▶ [EXERCISE] Go through the records underneath and write each one out again exactly.

▶ [SOURCE DATA]

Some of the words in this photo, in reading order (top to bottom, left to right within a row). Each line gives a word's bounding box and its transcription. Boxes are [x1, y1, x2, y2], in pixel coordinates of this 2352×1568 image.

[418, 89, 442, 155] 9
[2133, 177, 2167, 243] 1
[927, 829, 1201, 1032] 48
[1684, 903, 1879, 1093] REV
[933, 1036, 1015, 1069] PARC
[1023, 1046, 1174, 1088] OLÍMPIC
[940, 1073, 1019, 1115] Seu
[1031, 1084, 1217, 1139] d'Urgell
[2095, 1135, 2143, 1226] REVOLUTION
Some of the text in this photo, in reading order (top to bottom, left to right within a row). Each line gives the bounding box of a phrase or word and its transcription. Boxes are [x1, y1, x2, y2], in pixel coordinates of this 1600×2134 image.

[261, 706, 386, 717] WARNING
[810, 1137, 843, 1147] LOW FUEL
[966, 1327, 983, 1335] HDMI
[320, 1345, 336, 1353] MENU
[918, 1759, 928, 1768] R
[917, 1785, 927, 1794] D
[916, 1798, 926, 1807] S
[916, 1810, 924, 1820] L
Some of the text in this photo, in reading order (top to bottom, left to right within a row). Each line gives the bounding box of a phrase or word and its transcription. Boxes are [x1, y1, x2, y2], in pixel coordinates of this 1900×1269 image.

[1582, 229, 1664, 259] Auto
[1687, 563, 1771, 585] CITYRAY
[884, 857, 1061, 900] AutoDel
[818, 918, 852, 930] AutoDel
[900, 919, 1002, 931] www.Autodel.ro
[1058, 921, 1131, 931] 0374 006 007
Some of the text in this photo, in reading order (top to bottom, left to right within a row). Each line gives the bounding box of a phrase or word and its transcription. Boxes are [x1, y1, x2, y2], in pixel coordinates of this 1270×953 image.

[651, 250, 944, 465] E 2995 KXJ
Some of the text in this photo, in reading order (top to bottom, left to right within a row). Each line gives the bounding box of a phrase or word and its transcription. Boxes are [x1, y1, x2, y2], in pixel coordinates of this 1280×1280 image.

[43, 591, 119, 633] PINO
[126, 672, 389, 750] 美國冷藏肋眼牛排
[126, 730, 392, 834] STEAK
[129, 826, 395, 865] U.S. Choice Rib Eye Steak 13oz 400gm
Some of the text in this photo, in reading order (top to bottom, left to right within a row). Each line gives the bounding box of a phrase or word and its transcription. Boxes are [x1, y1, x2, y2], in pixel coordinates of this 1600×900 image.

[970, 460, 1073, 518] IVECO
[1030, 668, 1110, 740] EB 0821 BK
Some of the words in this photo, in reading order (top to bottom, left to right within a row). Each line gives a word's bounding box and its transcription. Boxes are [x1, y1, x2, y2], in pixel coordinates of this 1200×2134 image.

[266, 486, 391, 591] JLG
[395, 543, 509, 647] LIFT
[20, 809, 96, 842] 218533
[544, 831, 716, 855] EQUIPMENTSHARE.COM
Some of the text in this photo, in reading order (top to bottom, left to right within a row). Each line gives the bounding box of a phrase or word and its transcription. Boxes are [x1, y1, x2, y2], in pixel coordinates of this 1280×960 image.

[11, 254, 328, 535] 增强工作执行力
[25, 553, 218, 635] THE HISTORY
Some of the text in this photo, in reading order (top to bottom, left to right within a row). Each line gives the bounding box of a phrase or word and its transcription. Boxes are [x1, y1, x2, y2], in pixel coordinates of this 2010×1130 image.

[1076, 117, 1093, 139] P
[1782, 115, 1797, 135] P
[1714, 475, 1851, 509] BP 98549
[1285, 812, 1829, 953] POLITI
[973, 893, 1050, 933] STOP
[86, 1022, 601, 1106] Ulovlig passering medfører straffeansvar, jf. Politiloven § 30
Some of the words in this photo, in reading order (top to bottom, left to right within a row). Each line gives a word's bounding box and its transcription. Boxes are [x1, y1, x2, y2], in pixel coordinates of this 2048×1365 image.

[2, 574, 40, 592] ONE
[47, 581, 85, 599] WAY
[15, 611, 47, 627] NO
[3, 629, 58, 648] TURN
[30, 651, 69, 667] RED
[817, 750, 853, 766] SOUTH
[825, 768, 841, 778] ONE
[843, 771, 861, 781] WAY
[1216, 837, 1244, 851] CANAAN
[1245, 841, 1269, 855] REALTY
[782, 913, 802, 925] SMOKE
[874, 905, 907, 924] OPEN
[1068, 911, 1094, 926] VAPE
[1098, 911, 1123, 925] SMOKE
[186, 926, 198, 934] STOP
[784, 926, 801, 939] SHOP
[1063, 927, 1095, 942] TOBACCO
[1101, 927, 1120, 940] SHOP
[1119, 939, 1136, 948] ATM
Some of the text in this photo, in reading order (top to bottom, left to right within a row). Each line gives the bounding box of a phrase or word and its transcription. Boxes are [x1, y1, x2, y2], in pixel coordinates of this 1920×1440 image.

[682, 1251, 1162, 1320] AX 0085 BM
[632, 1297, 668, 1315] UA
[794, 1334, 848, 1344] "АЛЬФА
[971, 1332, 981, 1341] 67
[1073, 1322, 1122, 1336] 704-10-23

▶ [WRITTEN RESPONSE]
Some of the words in this photo, in reading order (top to bottom, left to right within a row). Each line gives a word's bounding box and its transcription. Boxes are [x1, y1, x2, y2], in pixel coordinates of this 2352×1568 image.

[418, 89, 442, 155] 9
[2133, 177, 2167, 243] 1
[927, 829, 1201, 1032] 48
[1684, 903, 1879, 1093] REV
[933, 1036, 1015, 1069] PARC
[1023, 1046, 1174, 1088] OLÍMPIC
[940, 1073, 1019, 1115] Seu
[1031, 1084, 1217, 1139] d'Urgell
[2095, 1135, 2143, 1226] REVOLUTION
Some of the text in this photo, in reading order (top to bottom, left to right within a row). Each line gives the bounding box of a phrase or word and its transcription. Boxes are [x1, y1, x2, y2], in pixel coordinates of this 1600×2134 image.

[261, 706, 386, 717] WARNING
[810, 1137, 843, 1147] LOW FUEL
[966, 1327, 983, 1335] HDMI
[320, 1345, 336, 1353] MENU
[918, 1759, 928, 1768] R
[917, 1785, 927, 1794] D
[916, 1798, 926, 1807] S
[916, 1810, 924, 1820] L
Some of the text in this photo, in reading order (top to bottom, left to right within a row). Each line gives the bounding box of a phrase or word and its transcription. Boxes are [x1, y1, x2, y2], in pixel coordinates of this 1900×1269 image.

[1582, 229, 1664, 259] Auto
[1687, 563, 1771, 585] CITYRAY
[884, 857, 1061, 900] AutoDel
[818, 918, 852, 930] AutoDel
[900, 919, 1002, 931] www.Autodel.ro
[1058, 921, 1131, 931] 0374 006 007
Some of the text in this photo, in reading order (top to bottom, left to right within a row). Each line gives the bounding box of a phrase or word and its transcription. Boxes are [x1, y1, x2, y2], in pixel coordinates of this 1270×953 image.

[651, 250, 944, 465] E 2995 KXJ
Some of the text in this photo, in reading order (top to bottom, left to right within a row). Each line gives the bounding box of a phrase or word and its transcription. Boxes are [x1, y1, x2, y2], in pixel coordinates of this 1280×1280 image.

[43, 591, 119, 633] PINO
[126, 672, 389, 750] 美國冷藏肋眼牛排
[126, 730, 392, 834] STEAK
[129, 826, 395, 865] U.S. Choice Rib Eye Steak 13oz 400gm
Some of the text in this photo, in reading order (top to bottom, left to right within a row). Each line gives the bounding box of a phrase or word and its transcription. Boxes are [x1, y1, x2, y2], in pixel coordinates of this 1600×900 image.

[970, 460, 1073, 518] IVECO
[1030, 668, 1110, 740] EB 0821 BK
Some of the words in this photo, in reading order (top to bottom, left to right within a row). Each line gives a word's bounding box and its transcription. Boxes are [x1, y1, x2, y2], in pixel coordinates of this 1200×2134 image.

[266, 486, 391, 591] JLG
[395, 543, 509, 647] LIFT
[20, 809, 96, 842] 218533
[544, 831, 716, 855] EQUIPMENTSHARE.COM
Some of the text in this photo, in reading order (top to bottom, left to right within a row). Each line gives the bounding box of a phrase or word and its transcription. Boxes are [x1, y1, x2, y2], in pixel coordinates of this 1280×960 image.

[11, 254, 328, 535] 增强工作执行力
[25, 553, 218, 635] THE HISTORY
Some of the text in this photo, in reading order (top to bottom, left to right within a row). Each line gives the bounding box of a phrase or word and its transcription. Boxes are [x1, y1, x2, y2], in pixel coordinates of this 2010×1130 image.

[1076, 117, 1093, 139] P
[1782, 115, 1797, 135] P
[1714, 475, 1851, 509] BP 98549
[1285, 812, 1829, 953] POLITI
[973, 893, 1050, 933] STOP
[86, 1022, 601, 1106] Ulovlig passering medfører straffeansvar, jf. Politiloven § 30
Some of the words in this photo, in reading order (top to bottom, left to right within a row). Each line gives a word's bounding box and its transcription. Boxes are [x1, y1, x2, y2], in pixel coordinates of this 2048×1365 image.

[2, 574, 40, 592] ONE
[47, 581, 85, 599] WAY
[15, 611, 47, 627] NO
[3, 629, 58, 648] TURN
[30, 651, 69, 667] RED
[817, 750, 853, 766] SOUTH
[825, 768, 841, 778] ONE
[843, 771, 861, 781] WAY
[1216, 837, 1244, 851] CANAAN
[1245, 841, 1269, 855] REALTY
[782, 913, 802, 925] SMOKE
[874, 905, 907, 924] OPEN
[1068, 911, 1094, 926] VAPE
[1098, 911, 1123, 925] SMOKE
[186, 926, 198, 934] STOP
[784, 926, 801, 939] SHOP
[1063, 927, 1095, 942] TOBACCO
[1101, 927, 1120, 940] SHOP
[1119, 939, 1136, 948] ATM
Some of the text in this photo, in reading order (top to bottom, left to right within a row). Each line gives the bounding box of a phrase or word and its transcription. Boxes are [x1, y1, x2, y2], in pixel coordinates of this 1920×1440 image.

[682, 1251, 1162, 1320] AX 0085 BM
[632, 1297, 668, 1315] UA
[794, 1334, 848, 1344] "АЛЬФА
[971, 1332, 981, 1341] 67
[1073, 1322, 1122, 1336] 704-10-23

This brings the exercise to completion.